Le dernier essai, dans ‘The Whimsical Christian’ (‘Le chrétien fantaisiste’, recueil d’essais posthume) de Dorothy Sayers débute ainsi : « Il est de notoriété publique qu’une des grandes difficultés pour écrire un livre ou une pièce de théâtre sur le Diable est d’empêcher ce personnage de voler la vedette ». De bien des manières, parler du mal est plus facile que parler de ce qui est bon. Même si le mal est supposé être précisément le « manque » du bien, quelque chose de solide l’environne quand nous sommes confrontés à lui.
Le mal a toujours quelque chose de « personnel » qui rôde autour de lui. En ce qui concerne le Diable, l’apôtre Jaques nous conseille simplement « résistez-lui et il fuira loin de vous » (4:7). Si Adam et Eve peuvent être de quelque information, le conseil est probablement plus facile à donner qu’à suivre. Mais nous avons affaire ici à une intelligence supérieure. Nous perdrions probablement tout débat. Donc, « résister » ou « fuir » est de bon conseil.
Beaucoup de non-croyants, selon comme ils le voient, ne prennent pas le Diable au sérieux. Ils le considèrent comme un personnage plein d’esprit, plutôt séduisant et débonnaire. Il est charmant, sophistiqué, et un échelon plus haut que nous.
Quand nous rencontrons le rusé Satan au premier chapitre du livre de Job, il vient de rencontrer un être d’exception. Satan a vagabondé sur la terre, la parcourant de long en large. Alors le Seigneur lui demande s’il aurait par hasard « remarqué » Son serviteur Job. Il est « irréprochable ». Nul sur terre n’est « comme lui ».
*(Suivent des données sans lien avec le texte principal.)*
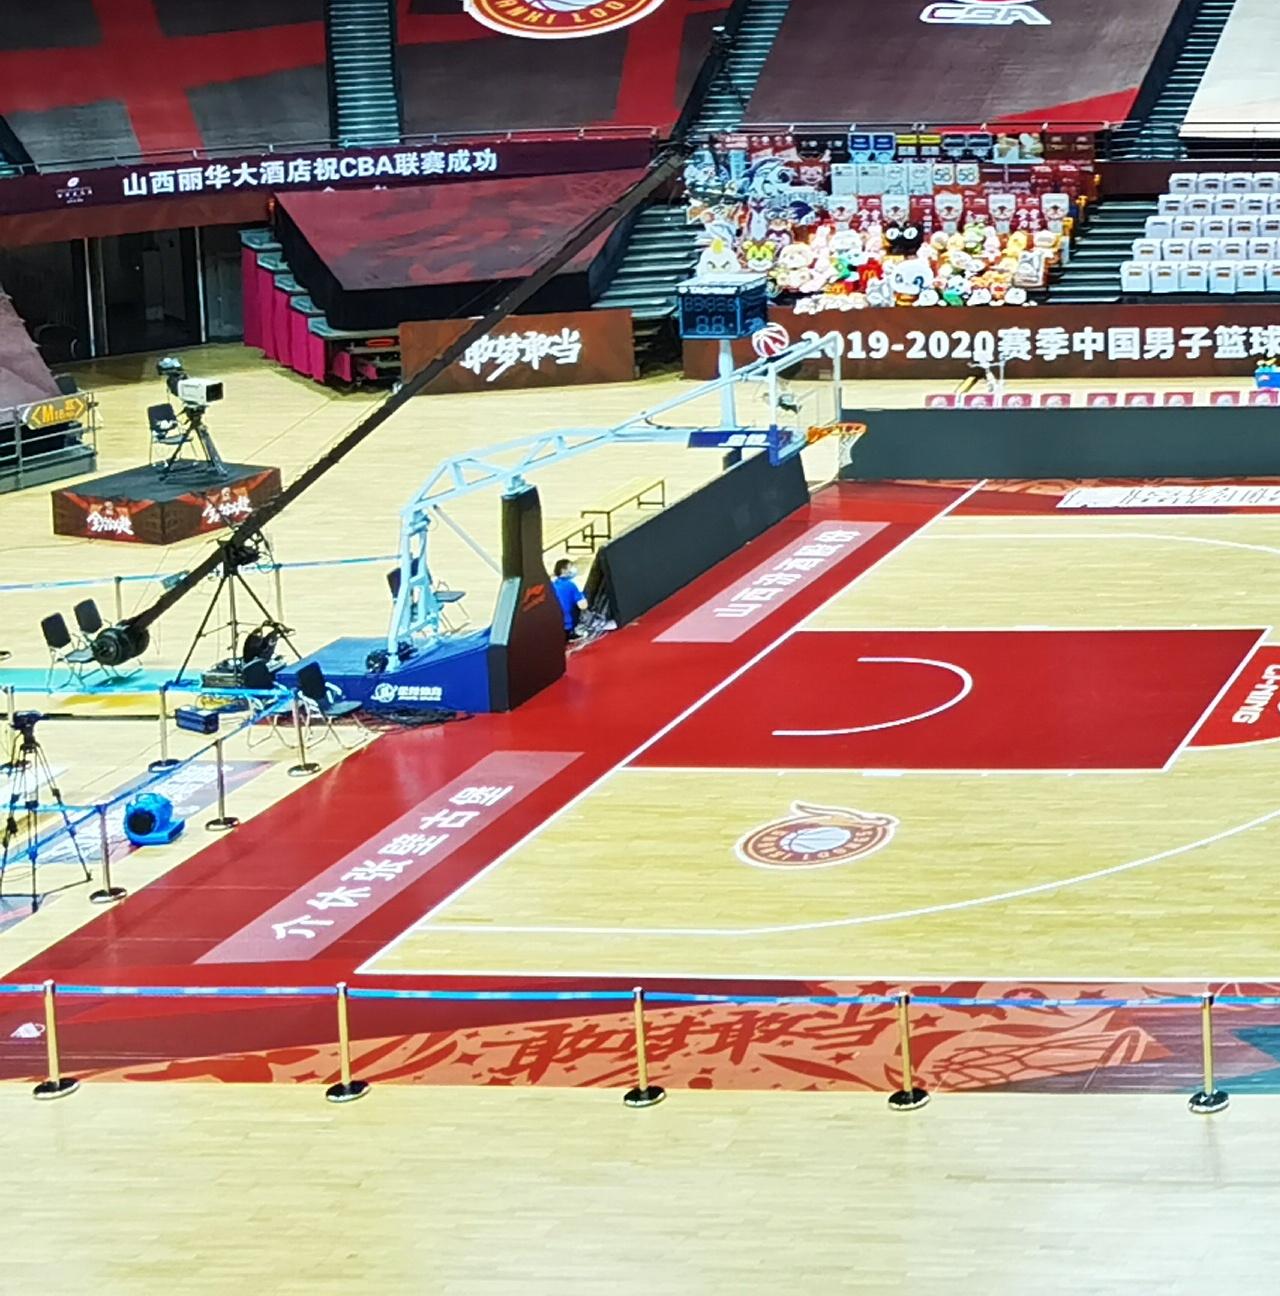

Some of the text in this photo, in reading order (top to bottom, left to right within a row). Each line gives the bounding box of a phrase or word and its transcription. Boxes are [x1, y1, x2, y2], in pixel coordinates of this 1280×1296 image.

[919, 2, 1052, 26] CBA
[122, 146, 499, 197] 山西丽华大酒店祝CBA联赛成功
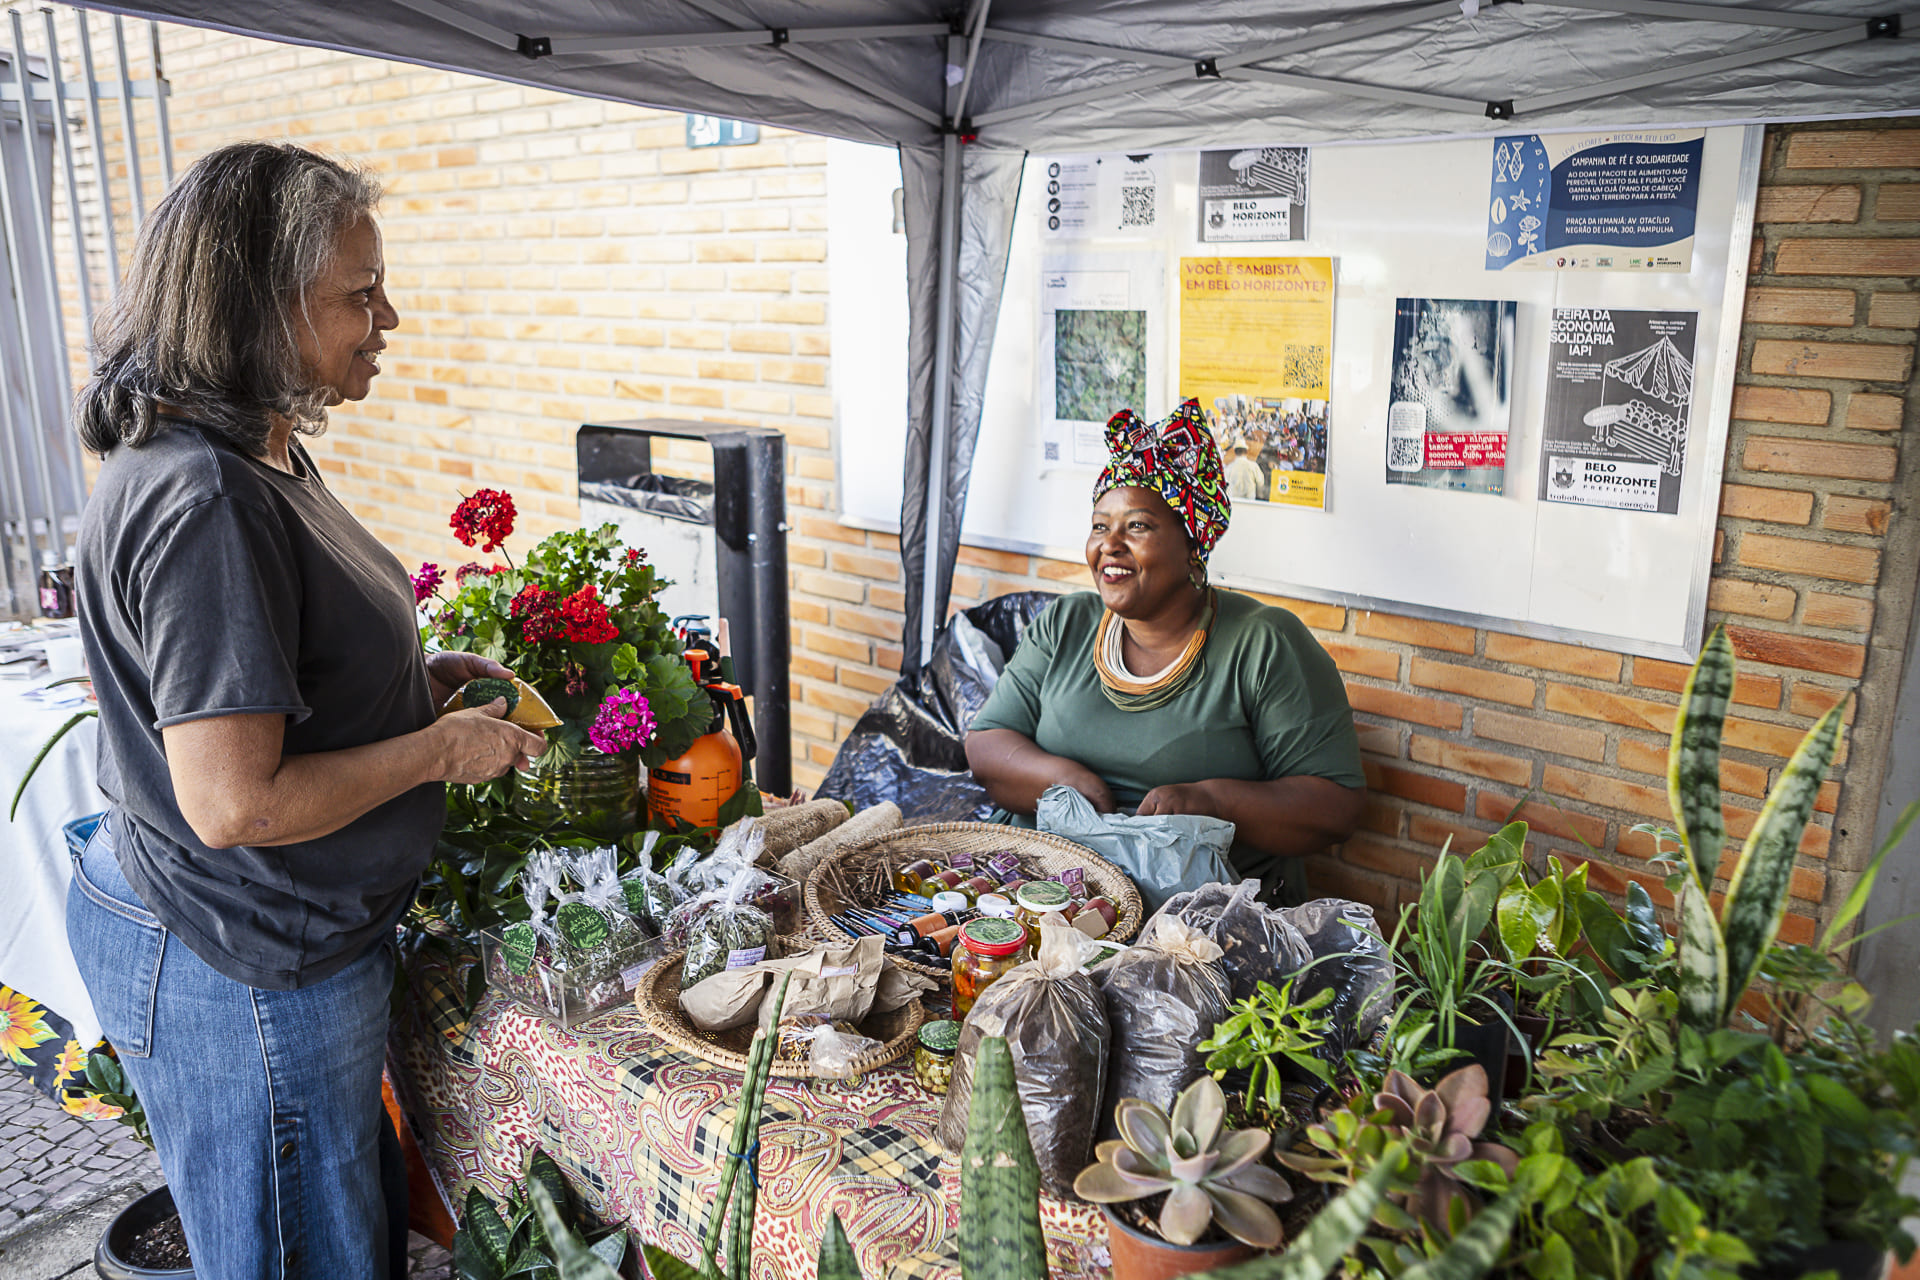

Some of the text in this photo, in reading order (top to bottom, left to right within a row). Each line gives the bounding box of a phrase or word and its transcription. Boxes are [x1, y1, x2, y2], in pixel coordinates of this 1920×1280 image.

Satan, pour ne pas être battu, réplique que la seule raison pour laquelle Job est heureux est que Dieu lui a donné toutes les bonnes choses qu’il pouvait désirer. « Pas étonnant, il est riche » rétorque Satan, jovial. Déjà à ce moment, comme l’histoire se poursuit, nous avons des indices qu’il n’est peut-être pas bon de tout avoir dès le commencement.
Et quelle conversation plus délicieuse pouvons-nous trouver que dans ‘Tactique du Diable’ de C.S. Lewis ? Le vieux démon Screwtape dit au diablotin son élève que le jeune athée qu’ils sont en train de conduire astucieusement vers la partie la plus brûlante du monde souterrain « ne peut pas être trop prudent dans ses lectures ».
Les diables ne veulent pas le perdre en raison d’un traité chrétien égaré sur lequel il risquerait de mettre la main. En réalité, le croyant est celui le plus à même de lire à peu près tout. Le non-croyant n’ose pas permettre à une ligne d’argument d’atteindre son âme, une ligne qui le mènerait logiquement là où il refuse d’aller.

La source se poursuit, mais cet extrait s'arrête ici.